Charles de Luppé (18 février 1892-26 août 1914)

Charles de Luppé.
© Ecole nationale des chartes
Image locale (image propre et limitée à l'article, invisible en médiathèque)

Après avoir commencé ses études classiques dans sa famille, Charles de Luppé fut élève du lycée Bufïon, où de très bonne heure ses dispositions pour les études historiques furent remarquées. Il s'y adonna tout entier en passant l'examen de la licence ès lettres, en suivant les cours de l'École des Chartes et de l'École des Hautes Études, en préparant une thèse sur l'historien Paul- Émile, dont il est parvenu à découvrir le véritable nom (Paolo Coimi) et à écrire la biographie au prix d'un travail acharné. Le prix de thèse, qui fut accordé à cet excellent travail d'historiographie, ajouta un laurier de plus à ceux qu'il avait conquis à l'École durant ses trois années d'étude.

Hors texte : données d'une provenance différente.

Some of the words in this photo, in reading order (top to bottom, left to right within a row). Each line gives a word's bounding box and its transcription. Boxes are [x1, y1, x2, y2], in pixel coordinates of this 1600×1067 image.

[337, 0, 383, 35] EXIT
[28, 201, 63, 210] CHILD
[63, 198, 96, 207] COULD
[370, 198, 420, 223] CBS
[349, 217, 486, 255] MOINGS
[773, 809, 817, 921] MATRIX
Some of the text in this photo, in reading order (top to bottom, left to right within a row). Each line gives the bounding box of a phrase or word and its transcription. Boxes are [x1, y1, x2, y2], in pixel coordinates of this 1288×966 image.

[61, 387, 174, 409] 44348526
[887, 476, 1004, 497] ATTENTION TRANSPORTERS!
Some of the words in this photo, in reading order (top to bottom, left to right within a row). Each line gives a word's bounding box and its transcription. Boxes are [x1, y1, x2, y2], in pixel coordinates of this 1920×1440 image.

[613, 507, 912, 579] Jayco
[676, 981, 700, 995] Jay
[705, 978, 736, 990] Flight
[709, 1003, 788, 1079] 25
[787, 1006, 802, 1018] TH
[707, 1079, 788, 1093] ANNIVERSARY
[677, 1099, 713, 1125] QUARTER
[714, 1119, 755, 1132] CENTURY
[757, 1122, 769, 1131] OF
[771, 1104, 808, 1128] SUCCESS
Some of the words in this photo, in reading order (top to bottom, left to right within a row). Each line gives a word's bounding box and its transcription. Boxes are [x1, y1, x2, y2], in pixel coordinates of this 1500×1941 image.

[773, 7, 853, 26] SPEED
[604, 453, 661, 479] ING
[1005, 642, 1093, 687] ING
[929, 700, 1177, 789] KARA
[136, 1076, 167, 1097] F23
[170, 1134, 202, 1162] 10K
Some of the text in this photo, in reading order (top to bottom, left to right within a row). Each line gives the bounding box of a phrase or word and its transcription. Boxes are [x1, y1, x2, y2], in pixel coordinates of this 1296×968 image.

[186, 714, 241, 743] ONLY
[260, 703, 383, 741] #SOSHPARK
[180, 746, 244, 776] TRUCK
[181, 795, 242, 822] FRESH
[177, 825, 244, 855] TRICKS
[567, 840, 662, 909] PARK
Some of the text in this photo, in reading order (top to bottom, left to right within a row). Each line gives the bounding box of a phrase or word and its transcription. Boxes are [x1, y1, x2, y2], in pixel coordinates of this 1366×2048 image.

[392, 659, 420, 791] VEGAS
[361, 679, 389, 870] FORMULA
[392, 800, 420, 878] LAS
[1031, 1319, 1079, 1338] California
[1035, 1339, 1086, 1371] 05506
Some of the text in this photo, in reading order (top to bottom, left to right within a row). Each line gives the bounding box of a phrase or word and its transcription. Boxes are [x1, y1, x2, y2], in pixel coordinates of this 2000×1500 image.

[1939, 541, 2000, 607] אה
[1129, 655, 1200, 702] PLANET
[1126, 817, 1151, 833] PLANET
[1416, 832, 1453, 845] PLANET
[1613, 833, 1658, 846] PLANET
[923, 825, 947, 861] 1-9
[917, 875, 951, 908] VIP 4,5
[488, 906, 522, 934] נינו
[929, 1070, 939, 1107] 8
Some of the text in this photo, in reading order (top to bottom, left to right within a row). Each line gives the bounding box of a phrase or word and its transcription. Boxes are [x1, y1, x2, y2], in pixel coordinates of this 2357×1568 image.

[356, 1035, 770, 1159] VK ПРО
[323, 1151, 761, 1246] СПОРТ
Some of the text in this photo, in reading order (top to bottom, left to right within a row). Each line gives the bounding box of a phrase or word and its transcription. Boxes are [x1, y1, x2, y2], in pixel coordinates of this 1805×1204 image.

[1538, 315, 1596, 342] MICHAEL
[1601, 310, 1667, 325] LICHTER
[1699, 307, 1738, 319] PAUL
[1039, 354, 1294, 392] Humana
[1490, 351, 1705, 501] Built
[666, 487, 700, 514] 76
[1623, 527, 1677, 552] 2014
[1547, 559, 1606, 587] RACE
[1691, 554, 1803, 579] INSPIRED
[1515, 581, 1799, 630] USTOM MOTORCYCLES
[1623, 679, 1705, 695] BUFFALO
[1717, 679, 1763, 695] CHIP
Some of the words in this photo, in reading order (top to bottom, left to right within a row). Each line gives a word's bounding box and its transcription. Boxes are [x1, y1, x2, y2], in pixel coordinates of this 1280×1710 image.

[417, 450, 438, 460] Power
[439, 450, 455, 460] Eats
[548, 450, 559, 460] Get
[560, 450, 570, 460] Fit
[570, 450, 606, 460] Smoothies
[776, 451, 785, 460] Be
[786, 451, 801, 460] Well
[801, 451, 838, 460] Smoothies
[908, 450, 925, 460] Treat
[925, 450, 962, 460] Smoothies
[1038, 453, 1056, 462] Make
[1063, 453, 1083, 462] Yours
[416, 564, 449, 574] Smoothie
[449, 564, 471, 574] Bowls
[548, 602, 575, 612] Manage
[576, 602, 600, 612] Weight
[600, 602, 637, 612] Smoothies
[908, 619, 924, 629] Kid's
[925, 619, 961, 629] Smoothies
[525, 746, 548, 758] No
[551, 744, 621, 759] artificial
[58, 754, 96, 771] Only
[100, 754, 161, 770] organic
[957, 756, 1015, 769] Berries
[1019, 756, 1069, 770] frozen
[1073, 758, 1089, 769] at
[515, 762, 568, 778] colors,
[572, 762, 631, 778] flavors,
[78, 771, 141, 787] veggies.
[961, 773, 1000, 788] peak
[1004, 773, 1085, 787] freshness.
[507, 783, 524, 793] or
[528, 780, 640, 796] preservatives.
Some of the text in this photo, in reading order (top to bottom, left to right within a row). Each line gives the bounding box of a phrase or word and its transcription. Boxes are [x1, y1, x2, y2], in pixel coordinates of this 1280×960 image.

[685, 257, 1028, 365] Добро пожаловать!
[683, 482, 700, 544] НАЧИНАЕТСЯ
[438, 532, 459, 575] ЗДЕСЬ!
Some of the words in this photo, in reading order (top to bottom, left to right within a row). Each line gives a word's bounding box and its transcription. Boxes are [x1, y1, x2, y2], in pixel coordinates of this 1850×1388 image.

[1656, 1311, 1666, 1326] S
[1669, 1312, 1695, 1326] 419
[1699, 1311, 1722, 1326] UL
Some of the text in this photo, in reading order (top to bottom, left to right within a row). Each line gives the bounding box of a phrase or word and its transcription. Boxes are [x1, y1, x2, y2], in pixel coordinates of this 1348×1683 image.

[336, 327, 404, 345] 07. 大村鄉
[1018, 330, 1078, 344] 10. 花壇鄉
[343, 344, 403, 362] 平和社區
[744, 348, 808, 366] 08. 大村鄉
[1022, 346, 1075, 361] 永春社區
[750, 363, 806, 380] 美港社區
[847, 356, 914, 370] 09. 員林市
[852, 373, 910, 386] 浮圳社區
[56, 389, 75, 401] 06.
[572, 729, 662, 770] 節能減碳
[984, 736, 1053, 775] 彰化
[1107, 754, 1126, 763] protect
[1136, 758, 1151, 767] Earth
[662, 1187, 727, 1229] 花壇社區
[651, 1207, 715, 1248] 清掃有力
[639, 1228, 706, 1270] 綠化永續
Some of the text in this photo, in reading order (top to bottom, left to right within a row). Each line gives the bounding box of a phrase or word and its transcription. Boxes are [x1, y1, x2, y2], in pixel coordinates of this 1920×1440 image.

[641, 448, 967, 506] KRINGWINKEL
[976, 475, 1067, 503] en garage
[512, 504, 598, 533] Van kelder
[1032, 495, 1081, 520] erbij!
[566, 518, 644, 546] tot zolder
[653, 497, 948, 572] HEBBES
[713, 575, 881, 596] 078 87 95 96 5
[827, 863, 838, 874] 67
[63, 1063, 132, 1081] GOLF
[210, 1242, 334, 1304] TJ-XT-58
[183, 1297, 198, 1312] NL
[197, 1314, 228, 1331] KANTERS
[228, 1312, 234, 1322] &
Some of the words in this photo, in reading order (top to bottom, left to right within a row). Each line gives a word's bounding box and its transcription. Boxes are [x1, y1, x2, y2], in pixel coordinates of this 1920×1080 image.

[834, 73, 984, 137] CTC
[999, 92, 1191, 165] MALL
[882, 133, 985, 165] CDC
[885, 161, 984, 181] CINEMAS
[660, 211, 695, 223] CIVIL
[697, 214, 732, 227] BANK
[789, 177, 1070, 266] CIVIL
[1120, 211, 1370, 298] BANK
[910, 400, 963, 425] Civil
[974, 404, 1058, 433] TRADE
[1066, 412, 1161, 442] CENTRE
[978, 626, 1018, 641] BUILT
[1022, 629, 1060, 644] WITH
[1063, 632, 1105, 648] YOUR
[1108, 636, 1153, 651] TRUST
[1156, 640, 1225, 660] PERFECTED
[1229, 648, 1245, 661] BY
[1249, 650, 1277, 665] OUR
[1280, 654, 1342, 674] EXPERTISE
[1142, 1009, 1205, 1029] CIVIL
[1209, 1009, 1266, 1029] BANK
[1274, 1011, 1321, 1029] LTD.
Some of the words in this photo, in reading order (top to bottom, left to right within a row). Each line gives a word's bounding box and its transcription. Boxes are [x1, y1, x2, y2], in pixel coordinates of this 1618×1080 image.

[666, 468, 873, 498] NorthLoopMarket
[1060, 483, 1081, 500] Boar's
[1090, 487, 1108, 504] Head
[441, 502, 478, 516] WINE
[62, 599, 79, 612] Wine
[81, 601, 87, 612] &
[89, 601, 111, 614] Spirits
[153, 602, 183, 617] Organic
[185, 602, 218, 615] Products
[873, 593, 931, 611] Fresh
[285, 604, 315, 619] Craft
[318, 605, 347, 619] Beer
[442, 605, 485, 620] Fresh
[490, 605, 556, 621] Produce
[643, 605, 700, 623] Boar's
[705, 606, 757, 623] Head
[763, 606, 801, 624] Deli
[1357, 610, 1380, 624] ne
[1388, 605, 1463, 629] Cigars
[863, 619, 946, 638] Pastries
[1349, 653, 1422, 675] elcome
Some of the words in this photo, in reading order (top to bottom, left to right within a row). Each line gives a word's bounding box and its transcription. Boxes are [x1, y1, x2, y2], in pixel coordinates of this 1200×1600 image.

Il n'avait encore publié que deux modestes travaux : Coutumes de Saint-Jean- Poutge (1306), dans la Nouvelle Revue historique de droit en 1912 ; et Un inventaire du château de Castelmore, château natal de d'Arlagnan (Senlis, 1913). C'est en uniforme que Luppé avait soutenu sa thèse (janvier 1914) ; c'est sous le même uniforme qu'il partit avec son régiment, le 51e, dans les derniers jours du mois de juillet suivant, et qu'il se trouvait à Virton le 22 août. Dans cette journée on le signala à ses chefs comme doué d'un calme, d'un courage et d'une intelligence peu communs. Et ce fut tout : au cours d'une attaque à la baïonnette non loin de Stenay, dans la nuit du 26 au 27, il tomba, disparut aux mains des Allemands. C'est le cœur angoissé et meurtri que ses parents attendirent vainement l'armistice pour connaître le sort du malheureux enfant dont nulle nouvelle n'était parvenue jusqu'à eux, et réussirent seulement dans ces tout derniers mois à pouvoir identifier son corps.